The objective of this study is to determine if the Early Learning Measure (ELM) is a useful
predictor of 6- and 12-month outcomes on measures of cognitive functioning and adaptive
behaviour for children with severe autism following IBI, and if the ELM is a better predictor of
these outcomes than baseline characteristics, which include entry IQ, age at entry to IBI, and
autism severity.
3. A sample of 29 children with Autistic Disorder or PDD-NOS was administered the ELM
monthly for the first four months of IBI. The ELM is a measure of skill acquisition in four
domains: receptive instructions, expressive labels, non-verbal imitation, and verbal imitation.
Children were grouped into mastery or non-mastery groups, with mastery defined as a correct
response rate of 80% in all domains in the first 4 months of IBI. The Vineland Adaptive
Behaviour Scales (VABS) and a cognitive measure (either the Mullen Scales of Early Learning
or the Stanford-Binet Intelligence Scales-5th
Ed.) were used to assess adaptive behaviour and
cognitive functioning respectively at entry to IBI and at 6 and 12 months during IBI.
Results demonstrated that the ELM is a useful predictor of outcome following IBI.
Mastery of the ELM was correlated with significantly higher outcomes in adaptive behaviour
and cognitive functioning. The ELM domains that served as the best predictors of adaptive
behaviour outcomes were those involved in using or understanding language: Expressive Labels,
Verbal Imitation, and Receptive Instructions. Regression analyses completed to determine
whether mastery of the ELM served as a better predictor of outcome than baseline characteristics
demonstrated that, for some outcomes (12-month Vineland Adaptive Behaviour Composite, 12-
month Vineland Communication standard score), mastery of certain ELM domains or the total
ELM does predict outcome better than baseline characteristics. However, the ELM alone was
never the best predictor of outcome. The best predictor for each outcome was a combination of
baseline characteristics and mastery of the ELM or the Expressive Labels domain of the ELM.
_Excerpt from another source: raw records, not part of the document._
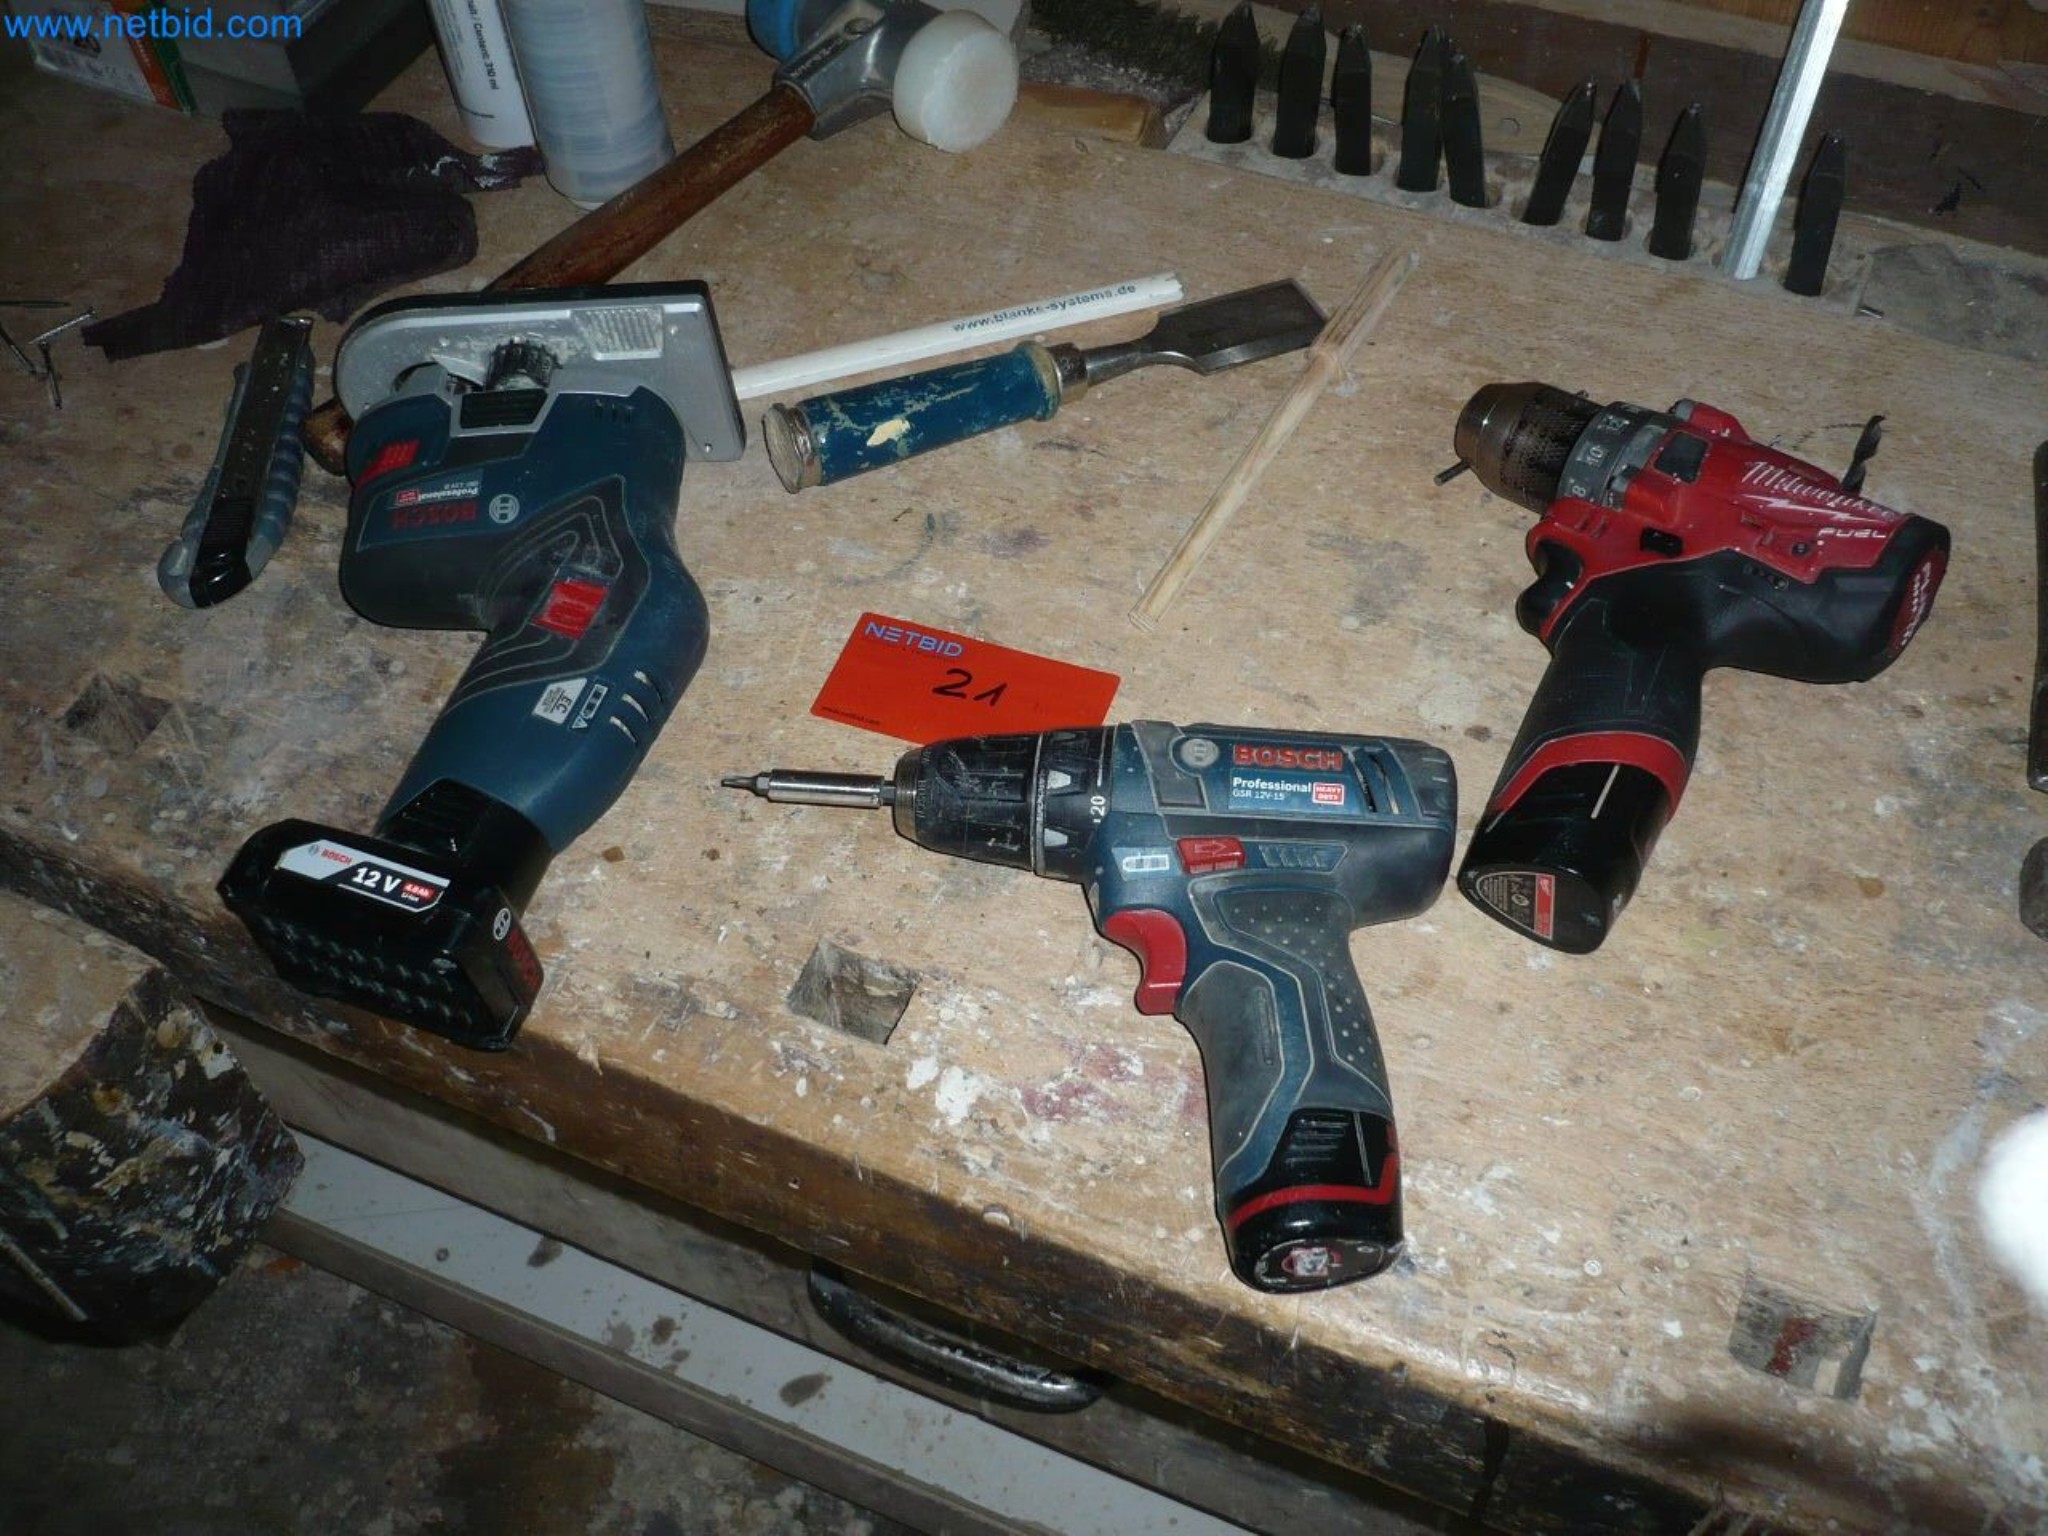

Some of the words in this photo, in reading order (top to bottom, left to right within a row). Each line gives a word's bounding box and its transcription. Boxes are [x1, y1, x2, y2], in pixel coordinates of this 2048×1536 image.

[1818, 527, 1887, 539] FUEL
[864, 621, 964, 658] NETBID
[931, 668, 1008, 707] 21
[1233, 744, 1343, 772] BOSCH
[1232, 777, 1312, 794] Professional
[1089, 795, 1106, 817] 20
[320, 848, 353, 865] BOSCH
[352, 866, 382, 888] 12
[383, 875, 402, 893] V
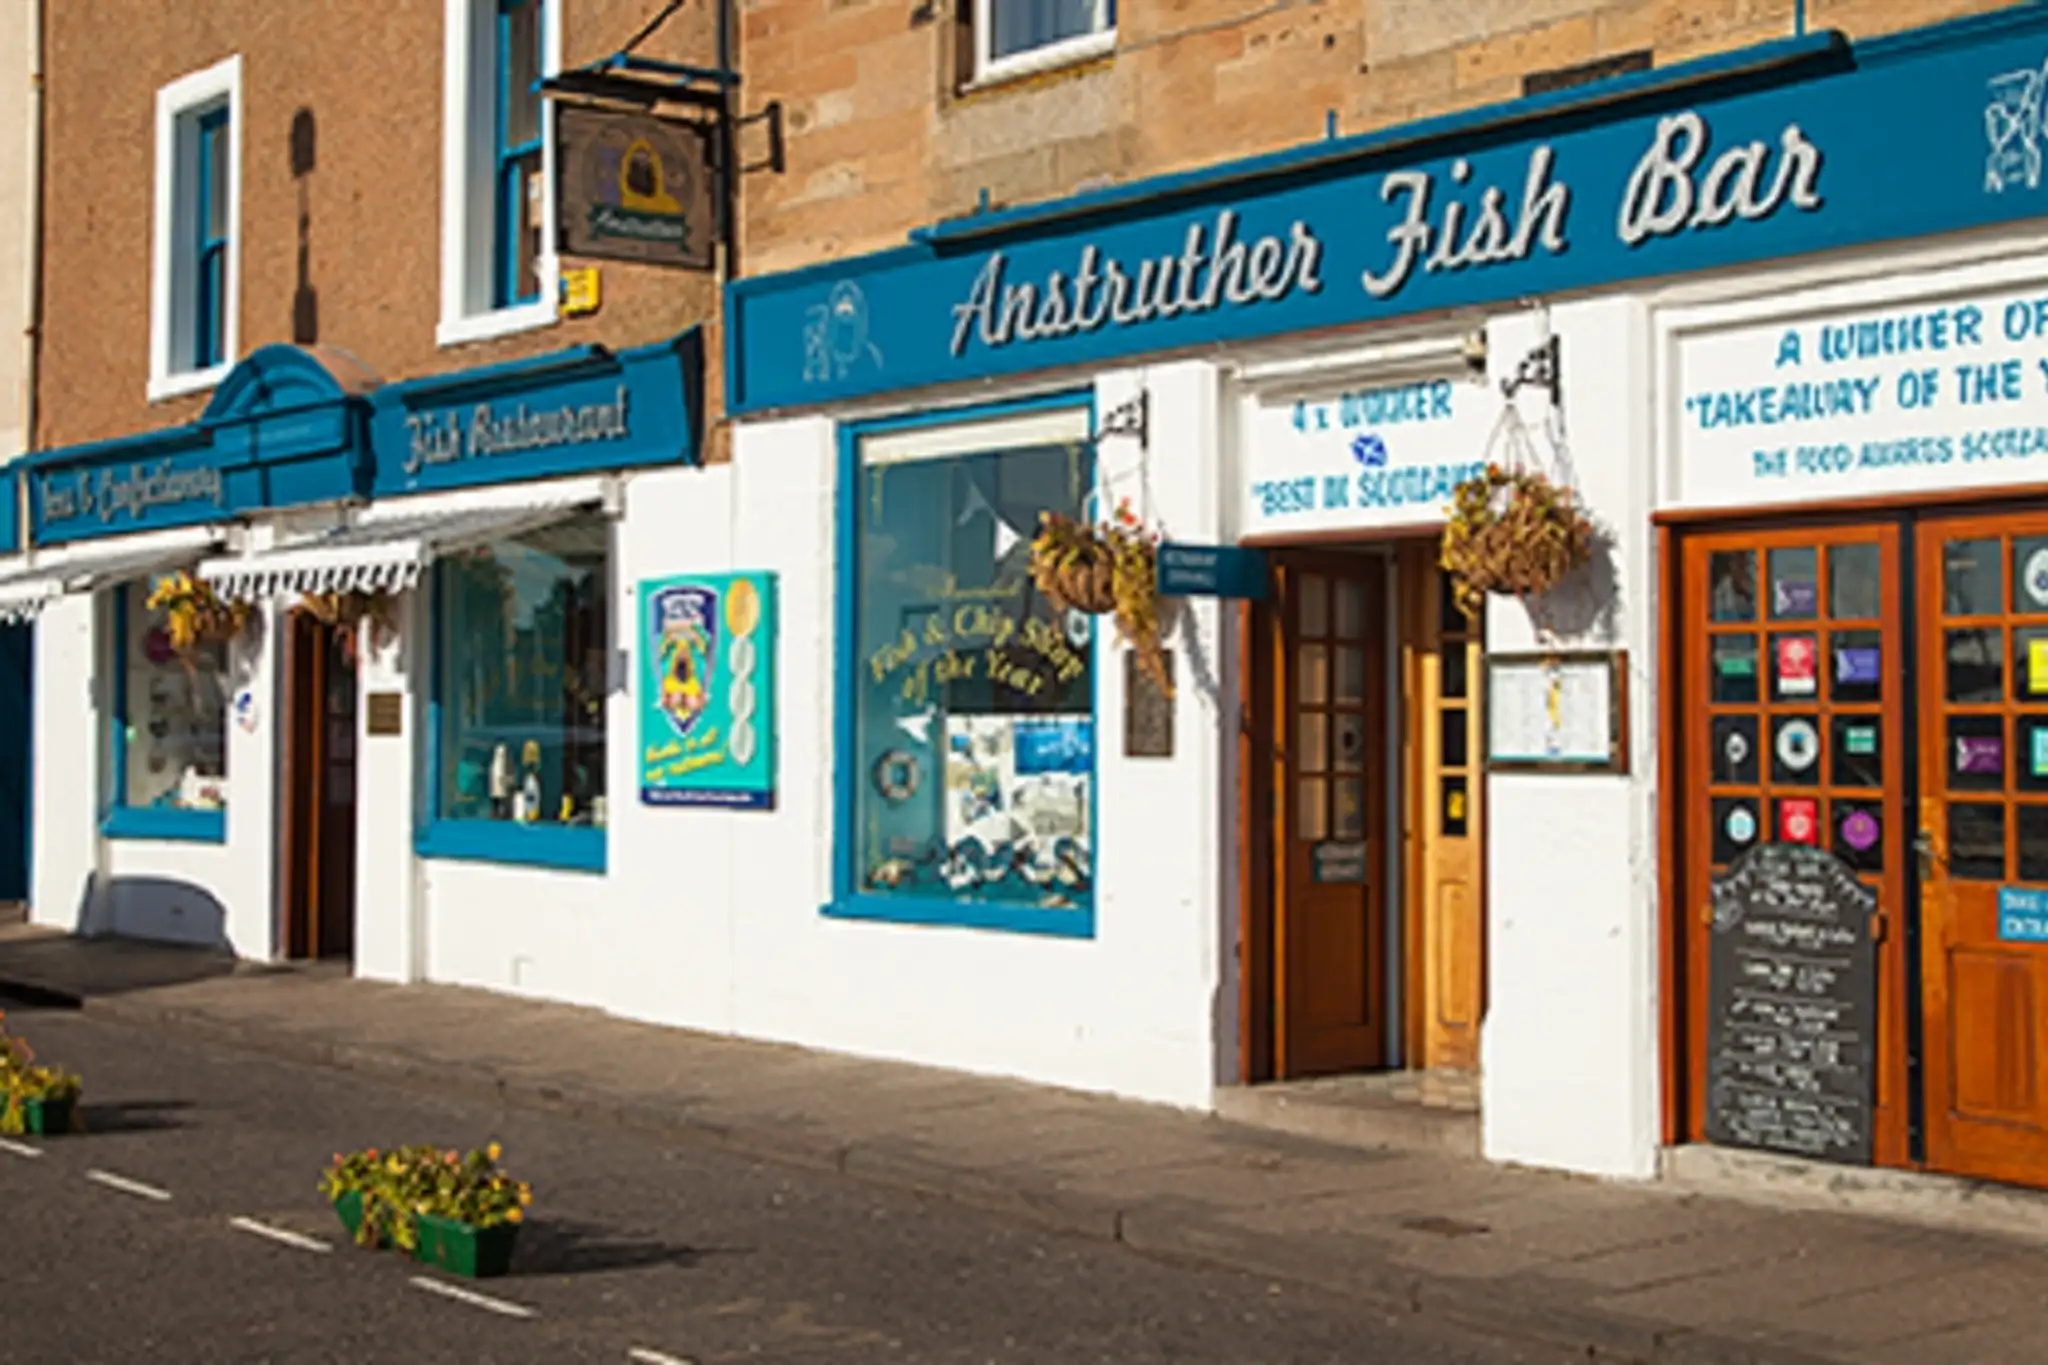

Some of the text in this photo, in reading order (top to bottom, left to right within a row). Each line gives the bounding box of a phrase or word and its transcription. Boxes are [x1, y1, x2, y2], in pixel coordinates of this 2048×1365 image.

[948, 110, 1823, 358] Anstruther Fish Bar
[1775, 299, 2048, 368] A WINNER OF
[1896, 367, 1939, 410] OF
[1955, 358, 2022, 405] THE
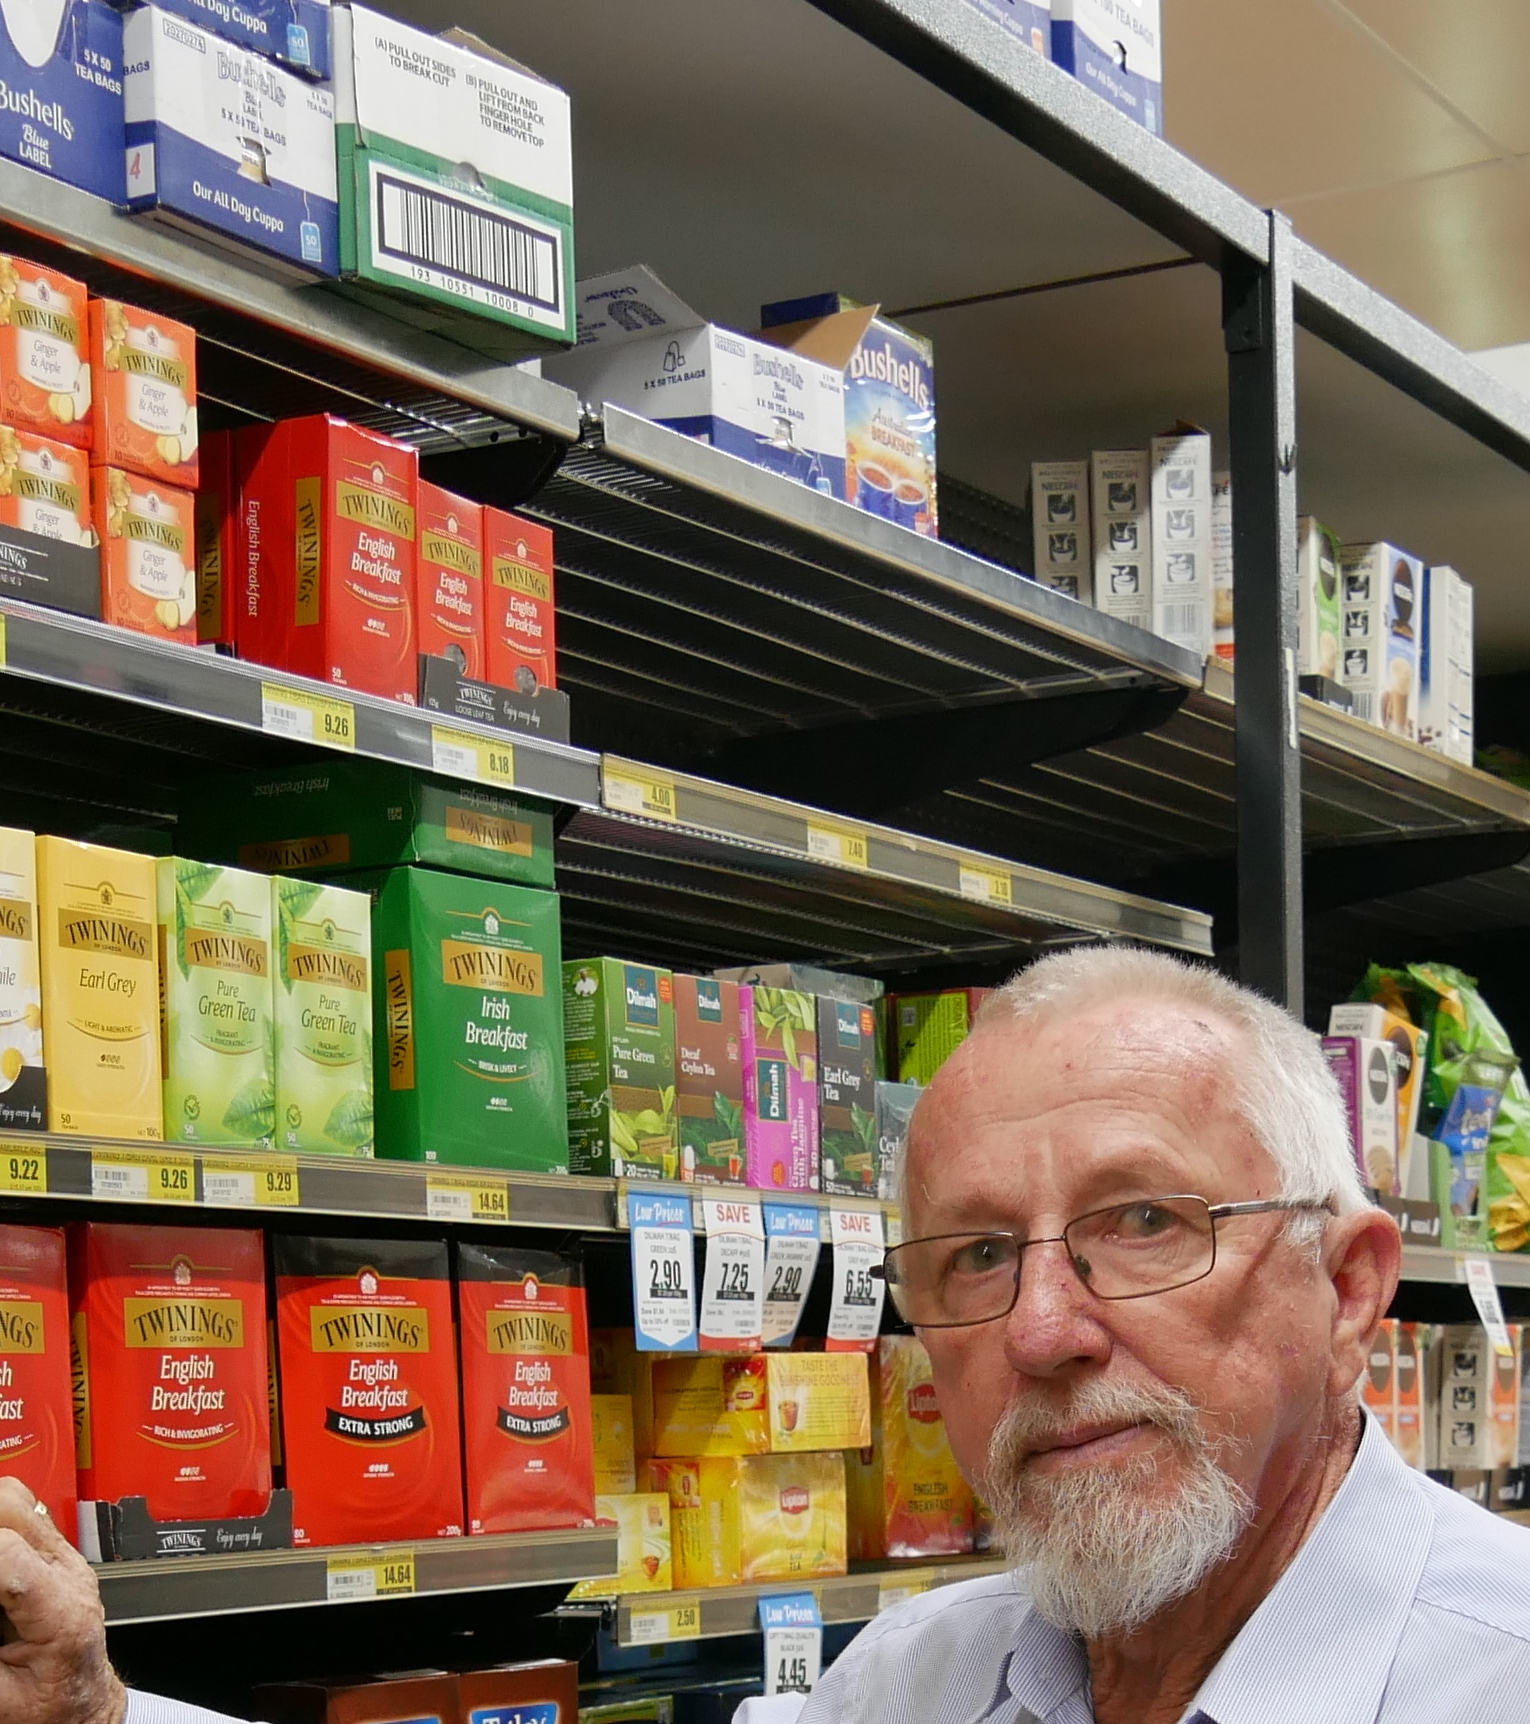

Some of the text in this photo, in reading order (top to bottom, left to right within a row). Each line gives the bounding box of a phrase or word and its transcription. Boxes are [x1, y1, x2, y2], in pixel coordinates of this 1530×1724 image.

[84, 49, 112, 72] 5 X 50
[374, 37, 457, 78] (A) PULL OUT SIDES
[389, 54, 450, 88] TO BREAK CUT
[75, 64, 122, 96] TEA BAGS
[479, 78, 499, 96] PULL
[500, 86, 517, 102] OUT
[518, 93, 538, 111] AND
[479, 91, 544, 126] LIFT FROM BACK
[479, 103, 533, 133] FINGER HOLE
[480, 114, 544, 147] TO REMOVE TOP
[193, 180, 284, 233] Our All Day Cuppa
[850, 344, 930, 410] Bushells
[341, 494, 410, 534] TWININGS
[246, 498, 263, 619] English Breakfast
[358, 531, 396, 559] English
[351, 554, 402, 586] Breakfast
[324, 714, 349, 737] 9.26
[216, 980, 239, 999] Pure
[626, 988, 657, 1009] Dilmah
[198, 995, 256, 1023] Green Tea
[481, 996, 510, 1020] Irish
[465, 1021, 528, 1051] Breakfast
[10, 1158, 39, 1181] 9.22
[716, 1205, 750, 1224] SAVE
[650, 1259, 681, 1287] 2.90
[721, 1262, 749, 1289] 7.25
[337, 1416, 413, 1435] EXTRA STRONG
[382, 1564, 412, 1584] 14.64
[777, 1658, 806, 1685] 4.45
This study demonstrates that while the ELM is a useful predictor of adaptive behaviour
and cognitive functioning outcomes, a better prediction of outcome can be obtained when
combining ELM mastery category with baseline characteristics. The study has also shown that
the ability to expressively label objects early in IBI may be an important skill that helps
4. distinguish children who are likely to benefit from IBI and those who are not. Determining
predictors of outcome in IBI has clinical implications and can help maximize IBI resources and
prevent exposure to IBI for children who do not stand to benefit from the treatment.